§ **Saved entries**:
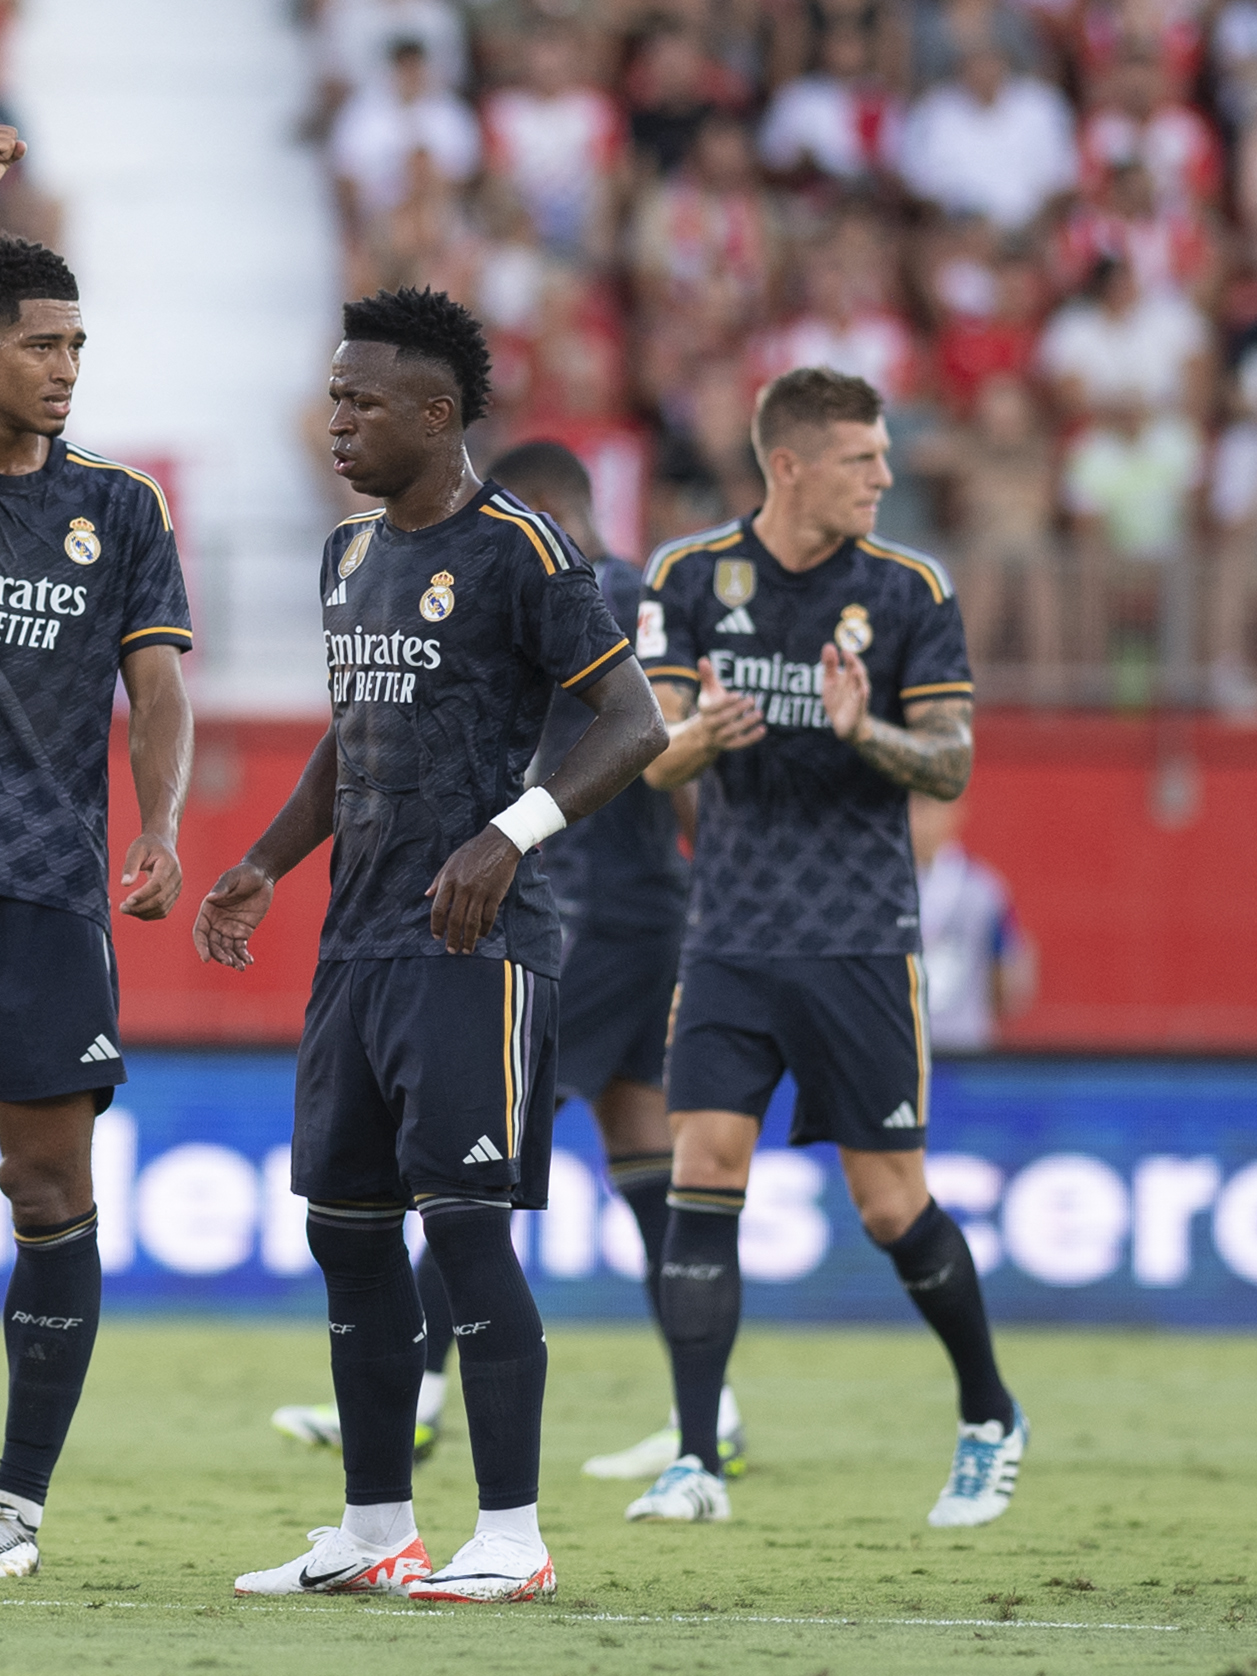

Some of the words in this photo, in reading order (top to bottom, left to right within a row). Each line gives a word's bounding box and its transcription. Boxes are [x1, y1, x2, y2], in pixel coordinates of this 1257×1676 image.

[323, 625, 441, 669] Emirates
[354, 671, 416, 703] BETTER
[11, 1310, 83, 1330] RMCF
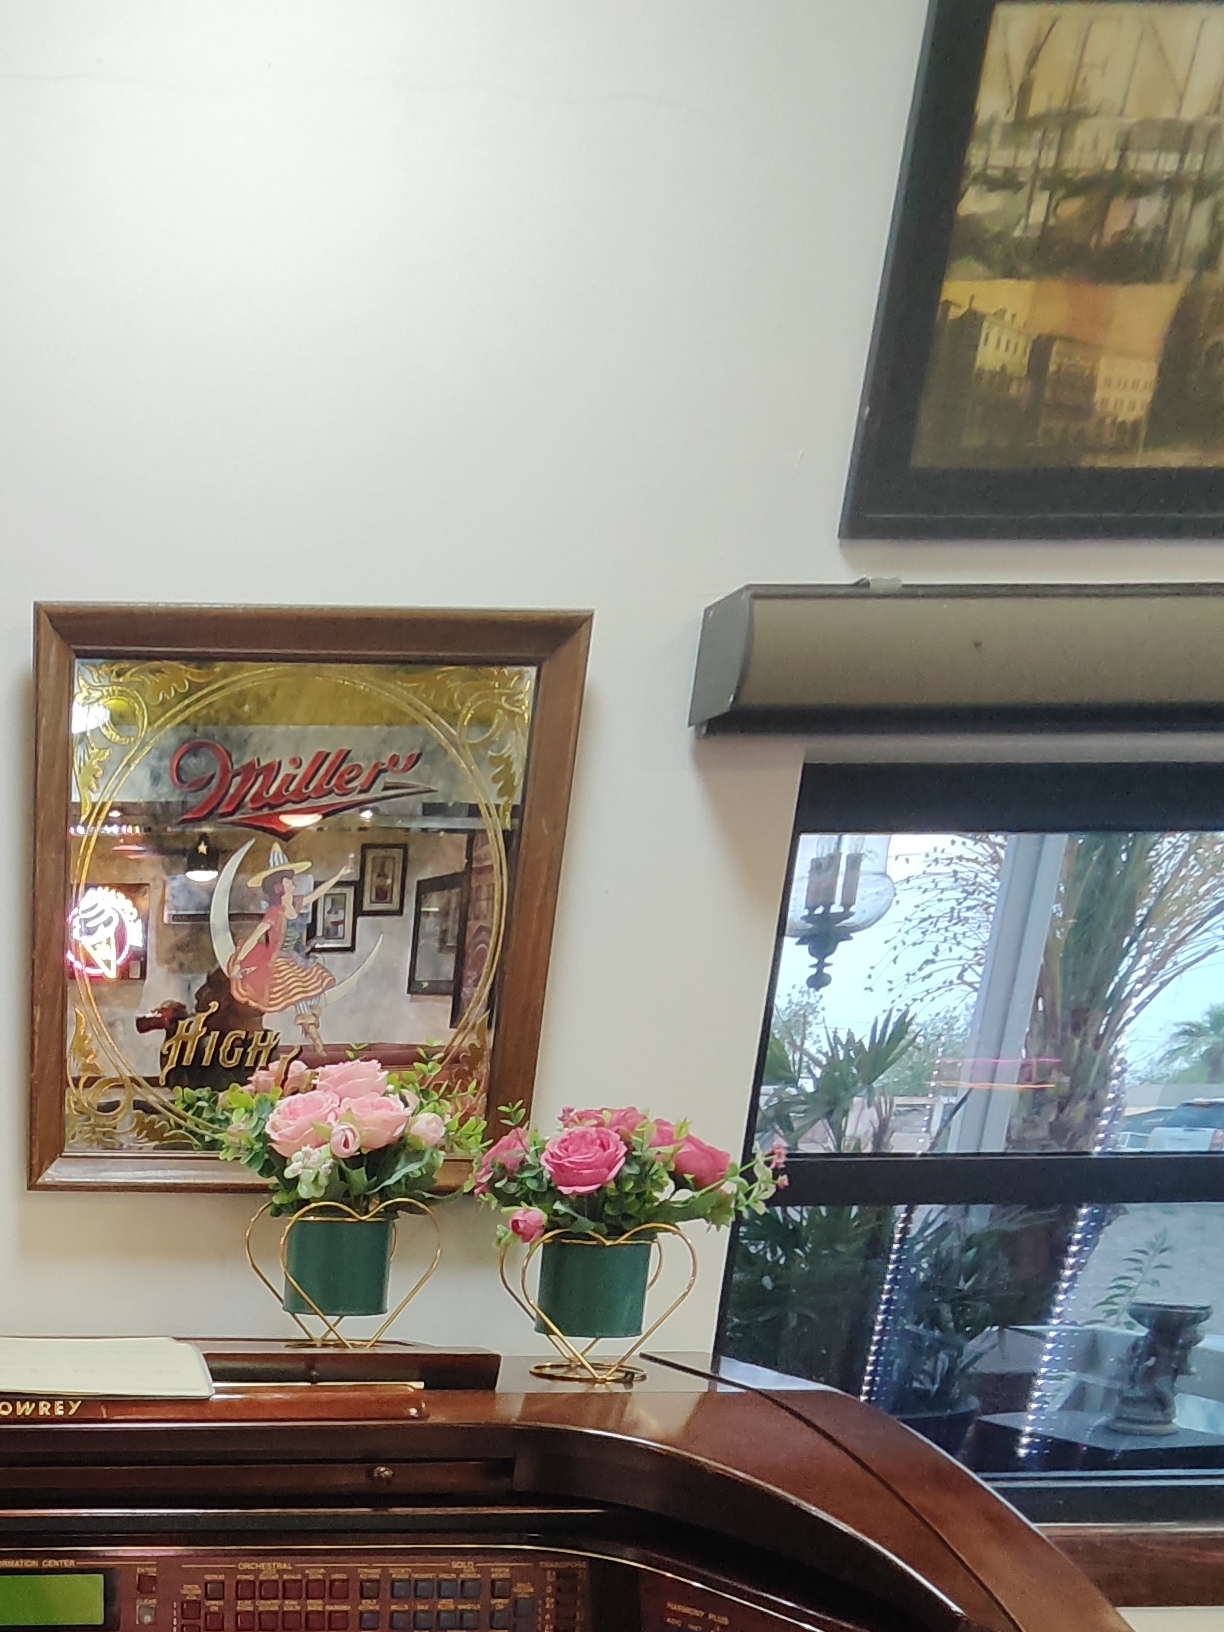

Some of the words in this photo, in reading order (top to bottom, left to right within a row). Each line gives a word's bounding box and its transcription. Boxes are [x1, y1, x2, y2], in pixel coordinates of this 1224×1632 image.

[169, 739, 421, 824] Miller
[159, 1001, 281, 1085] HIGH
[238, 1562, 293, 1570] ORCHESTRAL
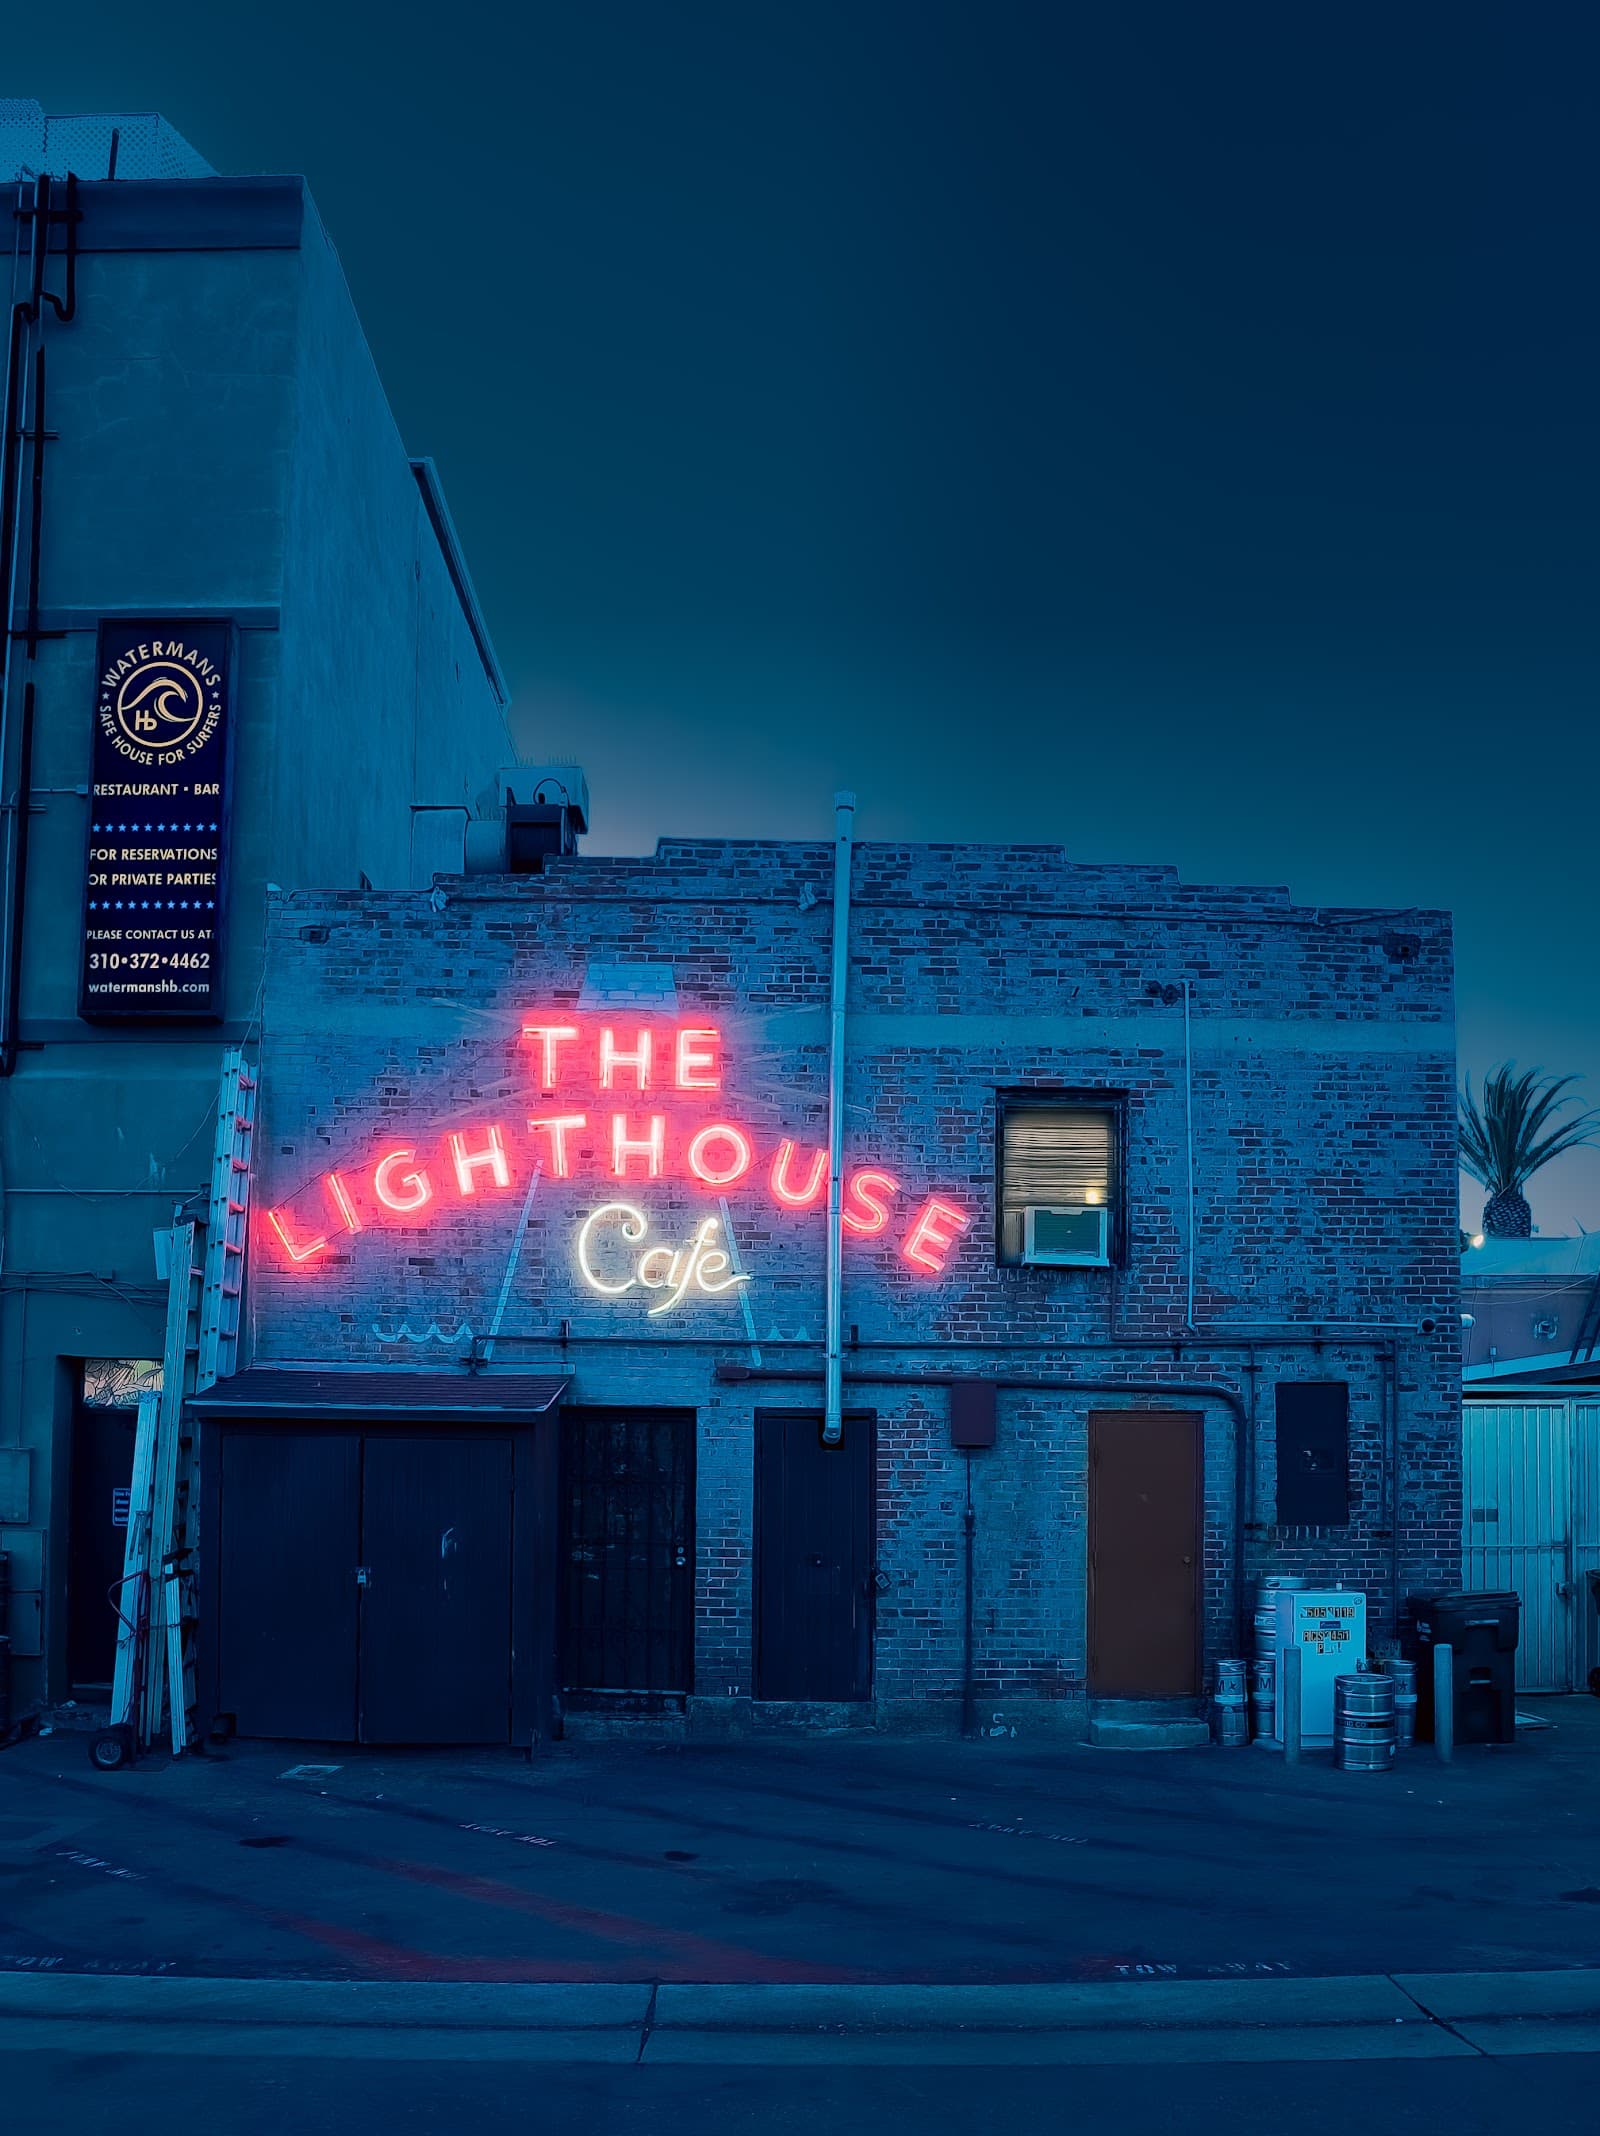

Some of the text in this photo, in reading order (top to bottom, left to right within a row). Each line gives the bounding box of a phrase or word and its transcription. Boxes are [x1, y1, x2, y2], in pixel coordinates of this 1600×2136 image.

§ **Prompt**: A faithful copy of every record is needed here. Leave the images out of it.

§ **Answer to this problem**:
Some of the words in this photo, in reading order (top to bottom, left to right within a row). Each line gives a word's bounding box and its transcription. Boxes are [x1, y1, x2, y2], in pixel coordinates of this 1257×1676 image.

[323, 625, 441, 669] Emirates
[354, 671, 416, 703] BETTER
[11, 1310, 83, 1330] RMCF

Some of the words in this photo, in reading order (top to bottom, left to right within a row). Each line gives a word's bounding box and its transcription. Boxes are [x1, y1, x2, y2], in pixel coordinates of this 1224×1632 image.

[169, 739, 421, 824] Miller
[159, 1001, 281, 1085] HIGH
[238, 1562, 293, 1570] ORCHESTRAL

Some of the text in this photo, in reading order (top to bottom, left to right within a row). Each line gives the bounding box of a phrase or word and its transcription. Boxes are [x1, y1, x2, y2], in pixel coordinates of this 1600×2136 image.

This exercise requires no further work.